AIM OF THE TASK: If a picture appears in the records, leave it out and transcribe the rest exactly.

[Saved entries]
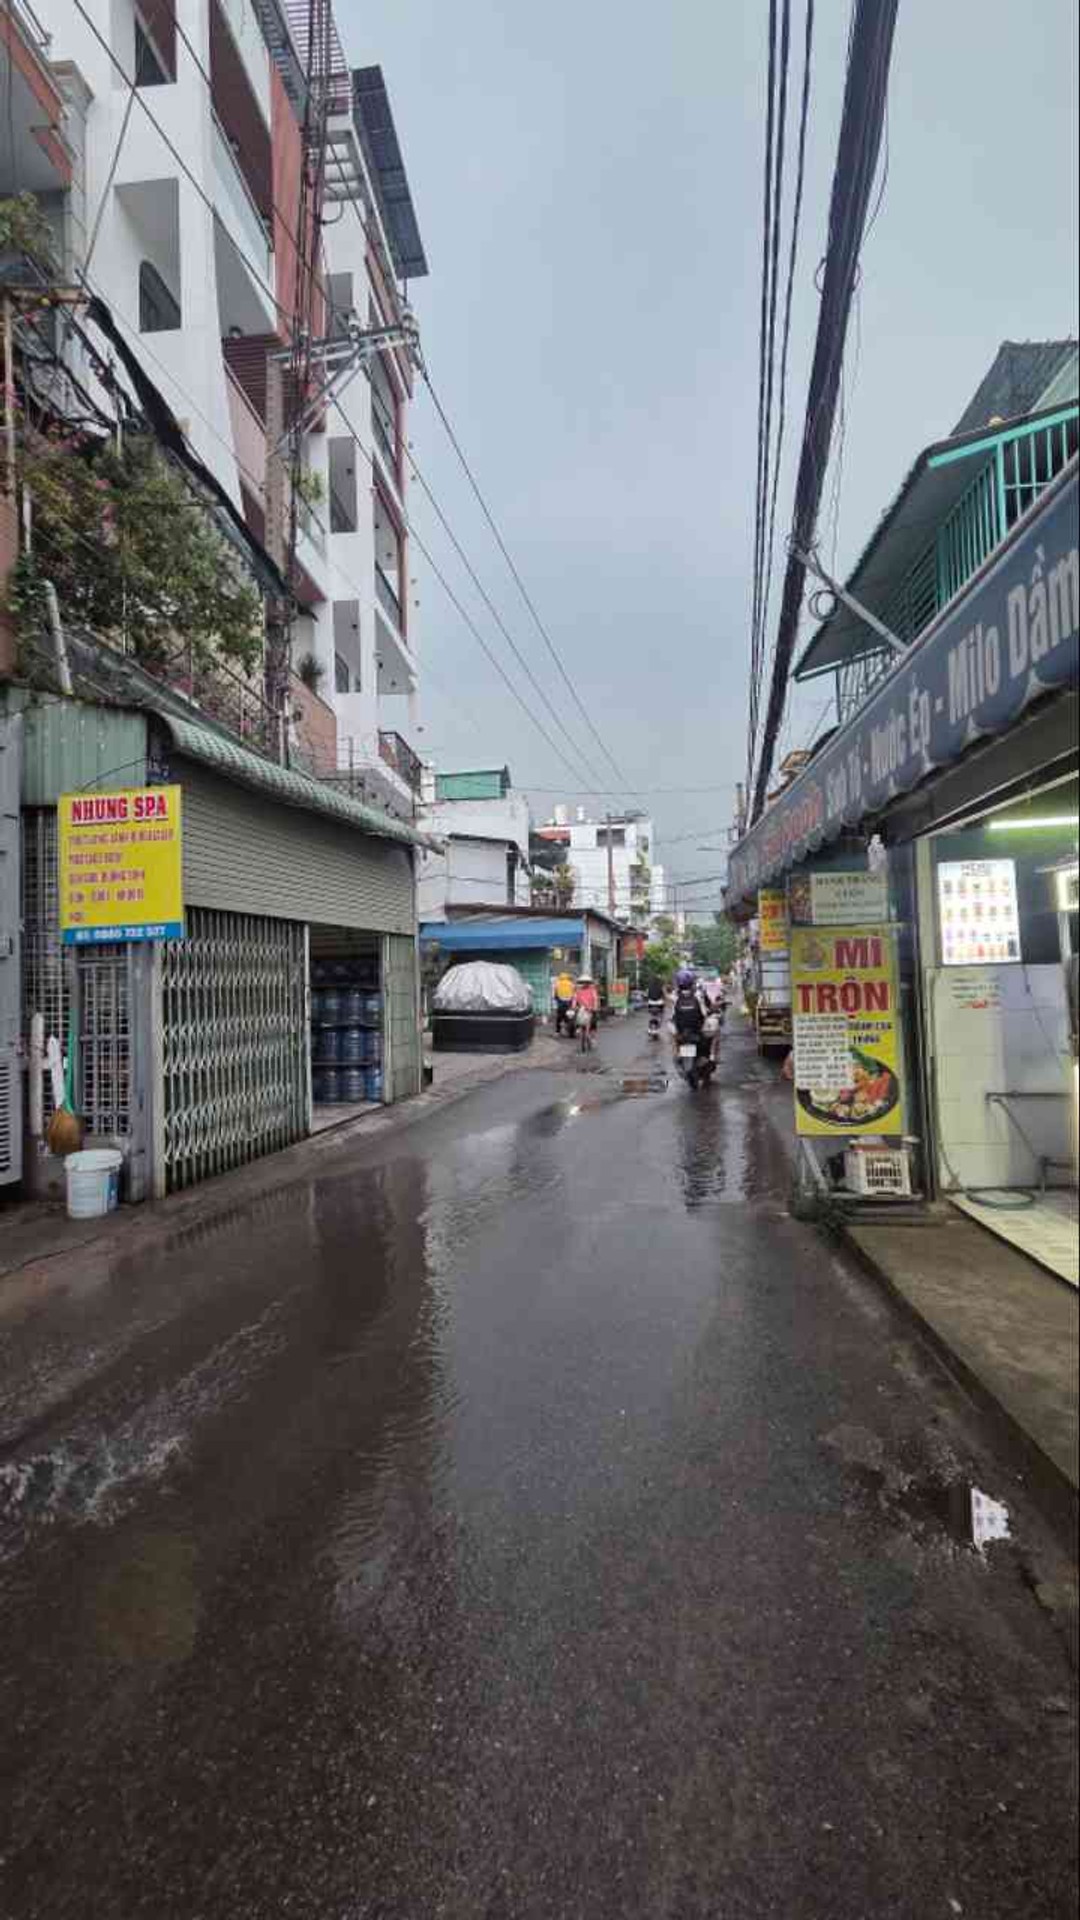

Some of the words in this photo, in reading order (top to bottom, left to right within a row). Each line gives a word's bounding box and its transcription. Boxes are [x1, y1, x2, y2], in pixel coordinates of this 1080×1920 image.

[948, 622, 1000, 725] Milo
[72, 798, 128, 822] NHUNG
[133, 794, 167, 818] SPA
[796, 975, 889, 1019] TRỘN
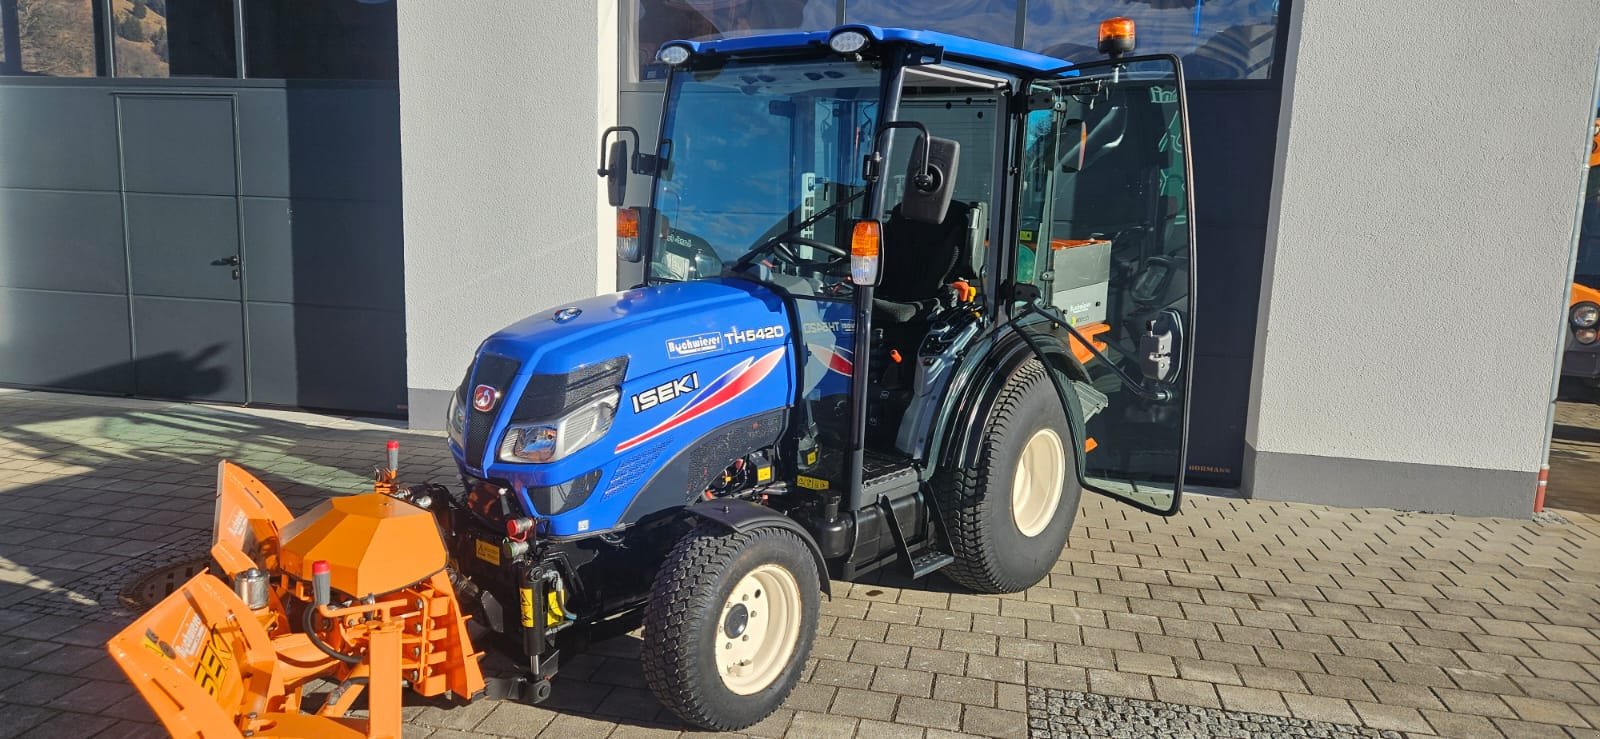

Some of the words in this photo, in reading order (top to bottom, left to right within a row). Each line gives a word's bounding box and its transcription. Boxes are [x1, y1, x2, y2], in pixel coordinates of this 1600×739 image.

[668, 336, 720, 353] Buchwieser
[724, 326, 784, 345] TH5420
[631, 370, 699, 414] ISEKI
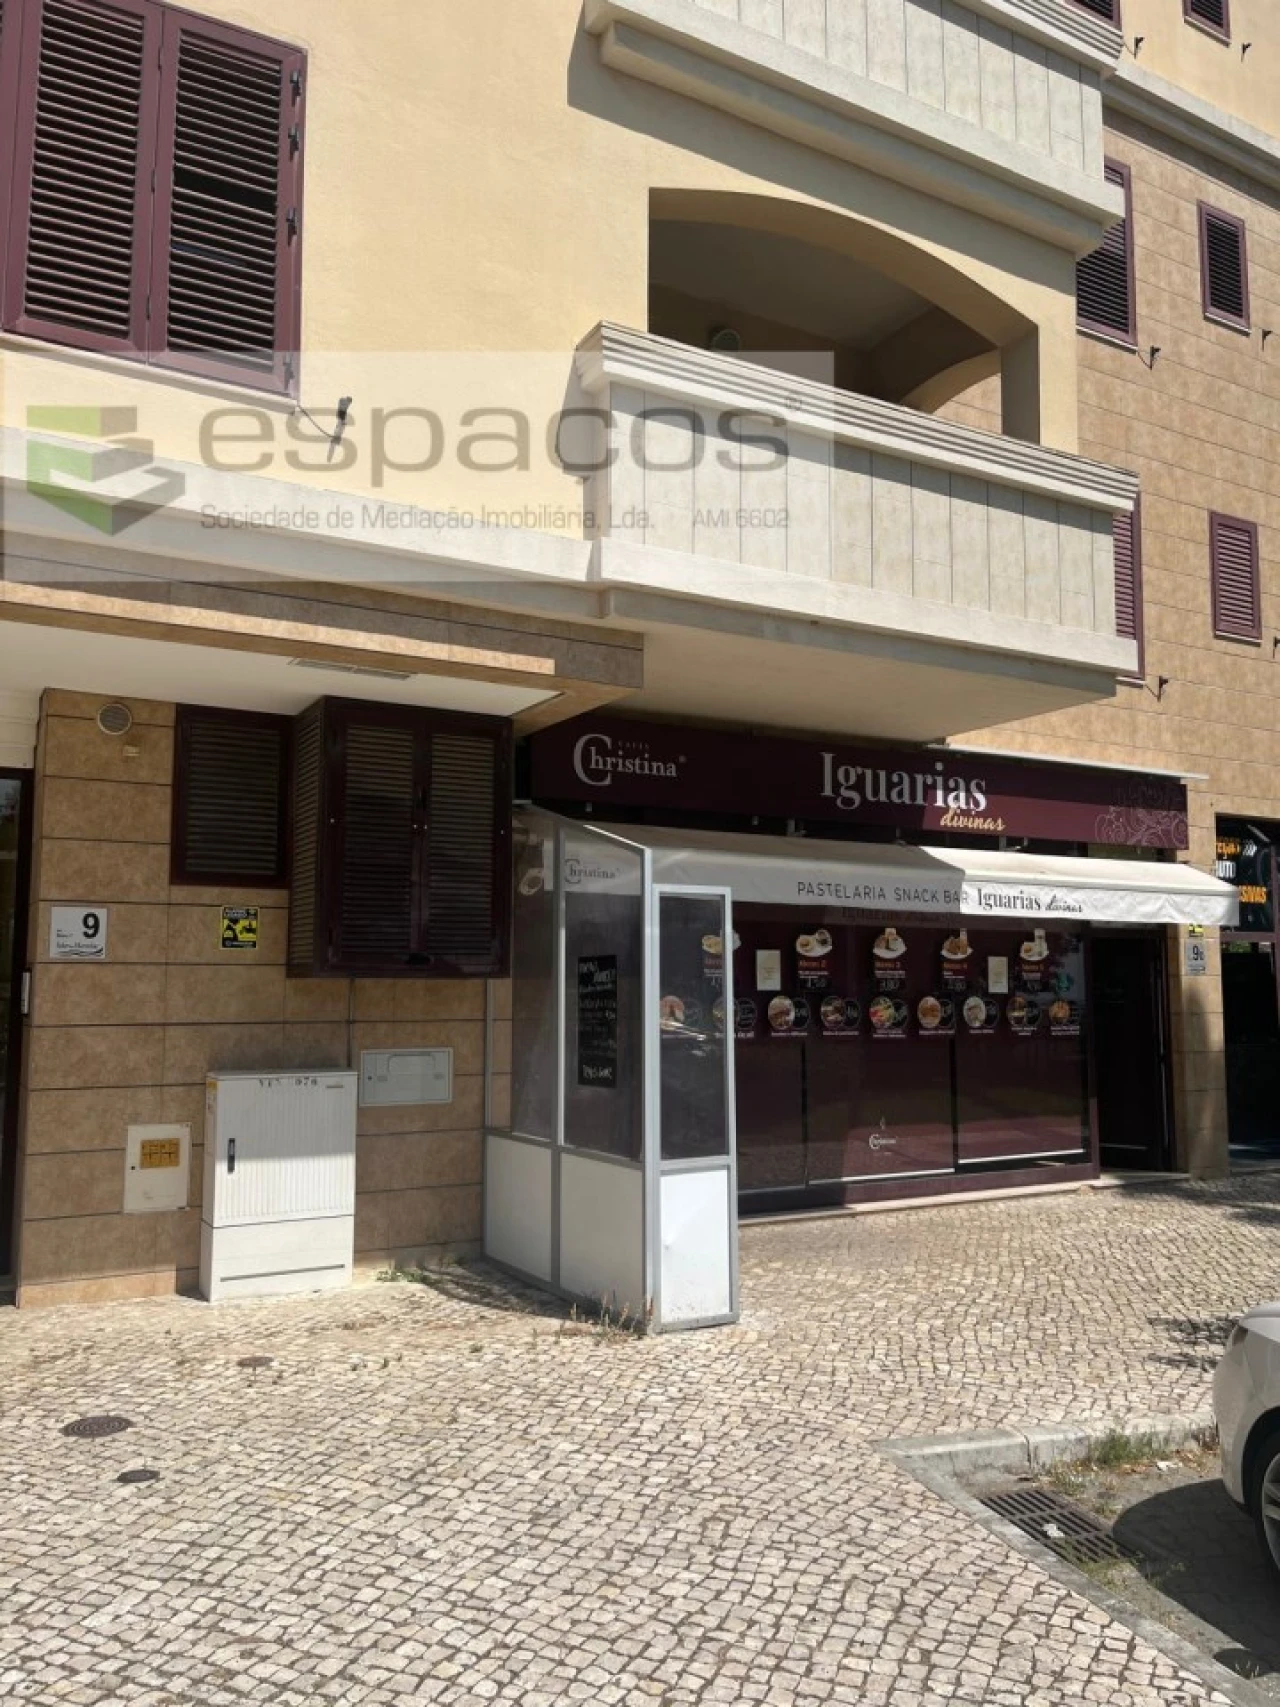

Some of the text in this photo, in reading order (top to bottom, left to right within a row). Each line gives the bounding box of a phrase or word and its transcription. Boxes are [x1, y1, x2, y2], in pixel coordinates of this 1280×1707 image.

TASK OUTPUT:
Some of the words in this photo, in reading order (top to bottom, left to right within a row). Each line gives a word's bounding box and its transcription. Boxes are [x1, y1, x2, y2], in pixel coordinates of this 1080×1920 image.

[948, 622, 1000, 725] Milo
[72, 798, 128, 822] NHUNG
[133, 794, 167, 818] SPA
[796, 975, 889, 1019] TRỘN

Some of the words in this photo, in reading order (top to bottom, left to right within a row). Each line gives a word's bounding box and its transcription. Boxes are [x1, y1, x2, y2], in pixel coordinates of this 1600×739 image.

[668, 336, 720, 353] Buchwieser
[724, 326, 784, 345] TH5420
[631, 370, 699, 414] ISEKI

Some of the text in this photo, in reading order (top to bottom, left to right within a row). Each line gives the bounding box of a phrase or word and its transcription. Boxes are [x1, y1, x2, y2], in pixel coordinates of this 1280×1707 image.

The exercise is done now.